Africa has achieved a huge milestone in global health by going a full year since reporting a case of polio, a disease the continent has been battling for years.
The poliomyelitis virus attacks the nervous system and can cause irreversible paralysis within hours of infection. Africa's goal of eradicating the disease has been in the offing for a while now, but cases of polio continued to be reported from somewhere across the continent, especially Nigeria, the one country where the virus had never been eradicated, even temporarily.
The last African case of polio was detected in Somalia on Aug. 11 of last year, but the last case in Nigeria was recorded on July 24, 2014, a situation which has given health workers a reason to cheer.
"This is a big success, but it's still fragile. There's always a worry that there could be an undetected case in a population you're not reaching," said Dr. Hamid Jafari, the initiative's World Health Organization (WHO) director, according to Today Online.

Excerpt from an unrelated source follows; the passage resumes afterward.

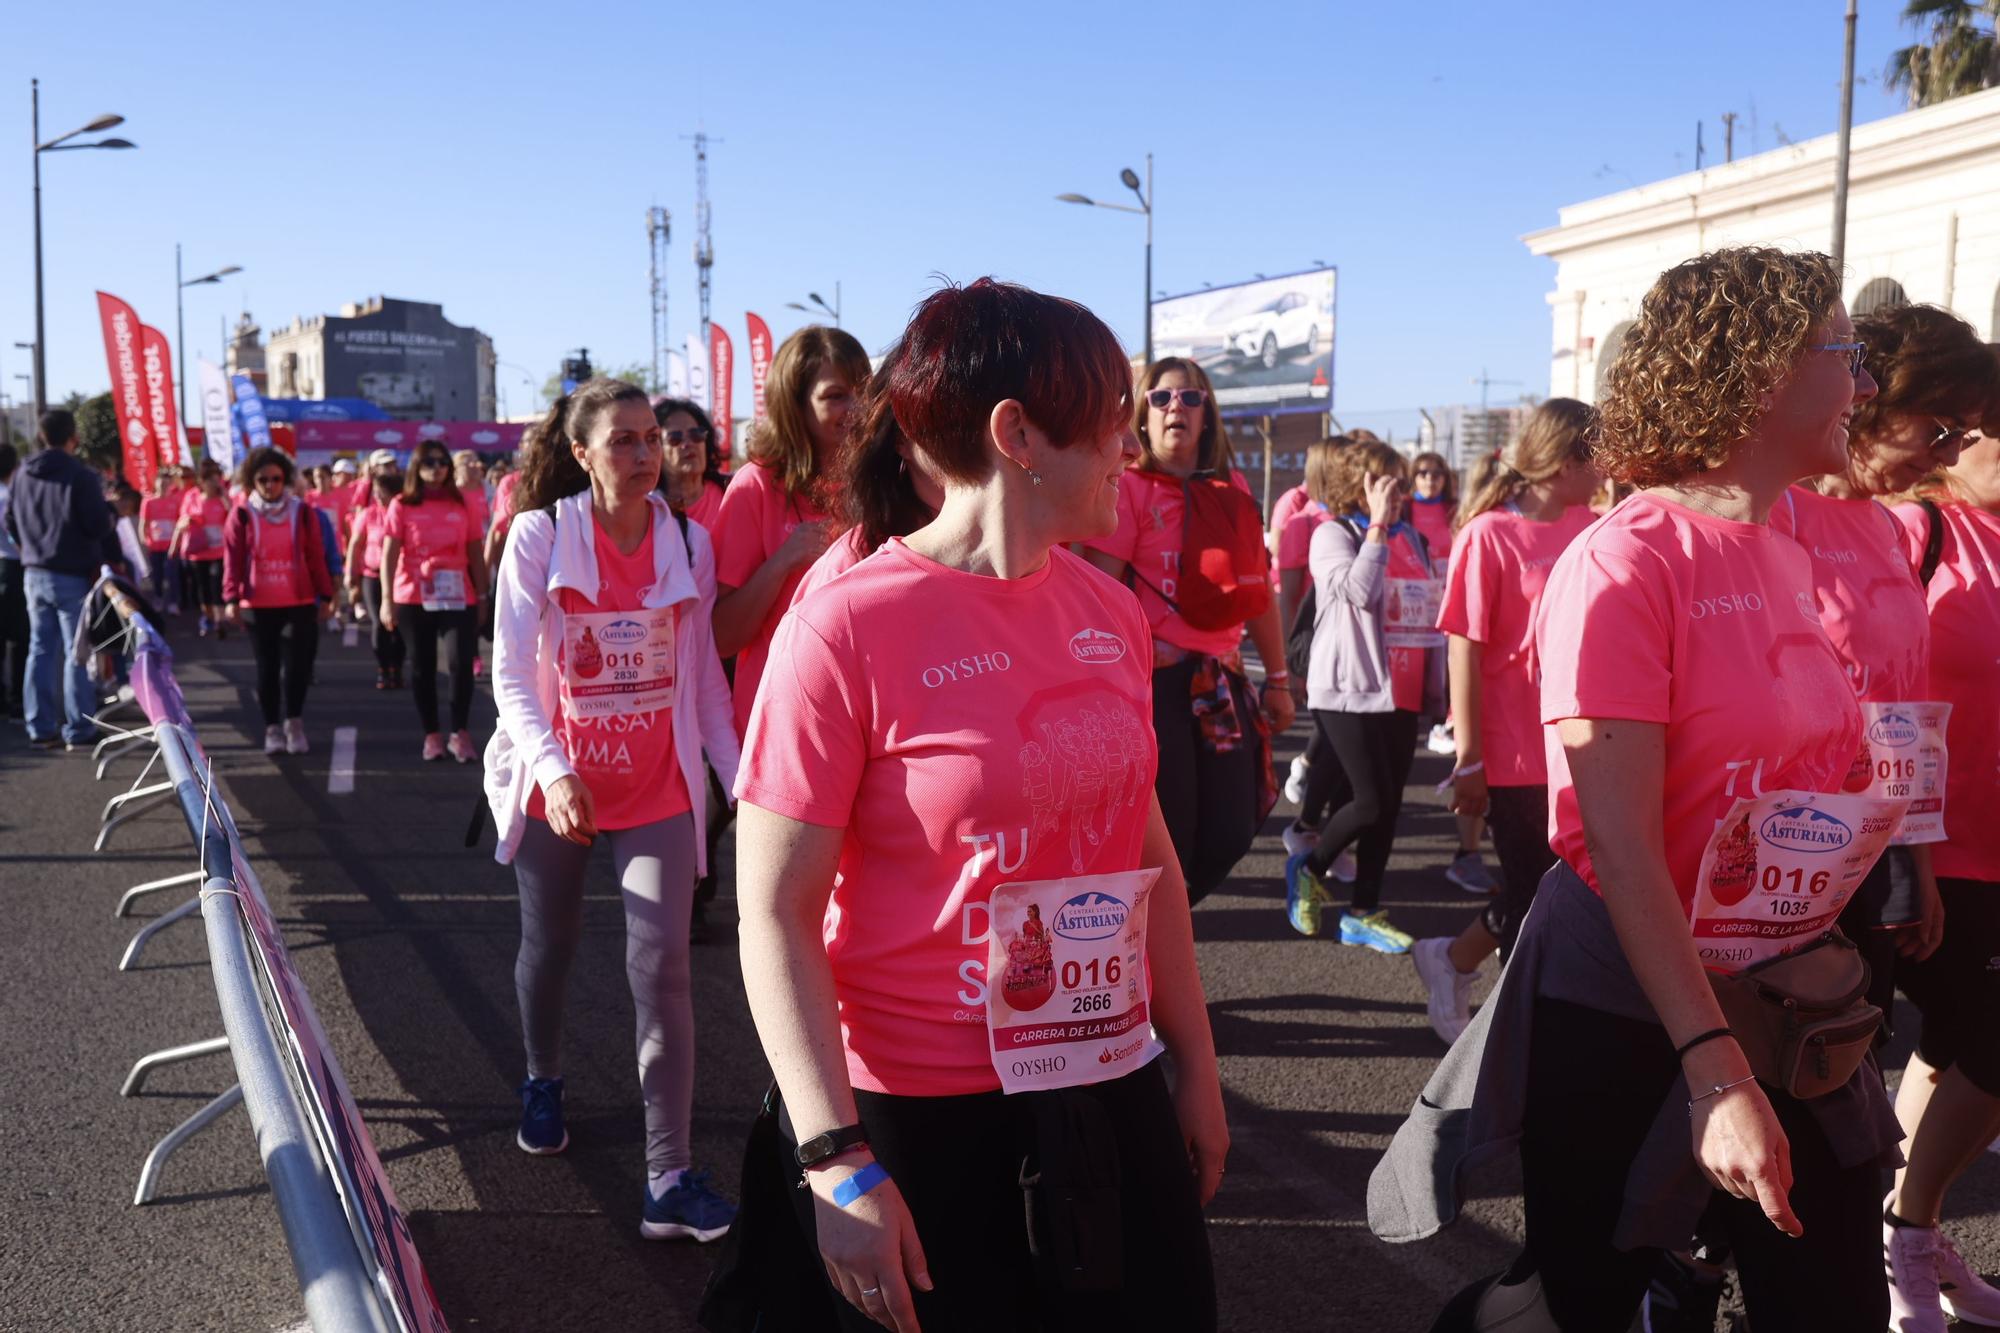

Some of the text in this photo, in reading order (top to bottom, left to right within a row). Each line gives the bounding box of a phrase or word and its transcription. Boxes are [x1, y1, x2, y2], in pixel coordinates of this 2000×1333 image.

Nigeria celebrated its polio-free year on July 25 with a modest tree-planting ceremony in which Muhammadu Buhari, the country's new president, was photographed putting vaccine drops into the mouth of his infant granddaughter. The campaign was subdued because it "did not want to send out the wrong message to political officeholders and donors that polio has been eradicated," said Dr. Faisal Shuaib, a Health Ministry official, The New York Times reported.
Apart from battling polio, many nations of the continent have been fighting Islamist militant groups al-Shabaab and Boko Haram. Experts are worried that vaccines will not reach children displaced by conflict, according to The Guardian.
"I just hope Boko Haram will not be the achilles heel of our work. Unless we get rid of the insurgency, we cannot be sure we will eradicate polio," said Oyewale Tomori, professor of virology at the Nigerian Academy of Science, who has dedicated four decades of his life to polio research.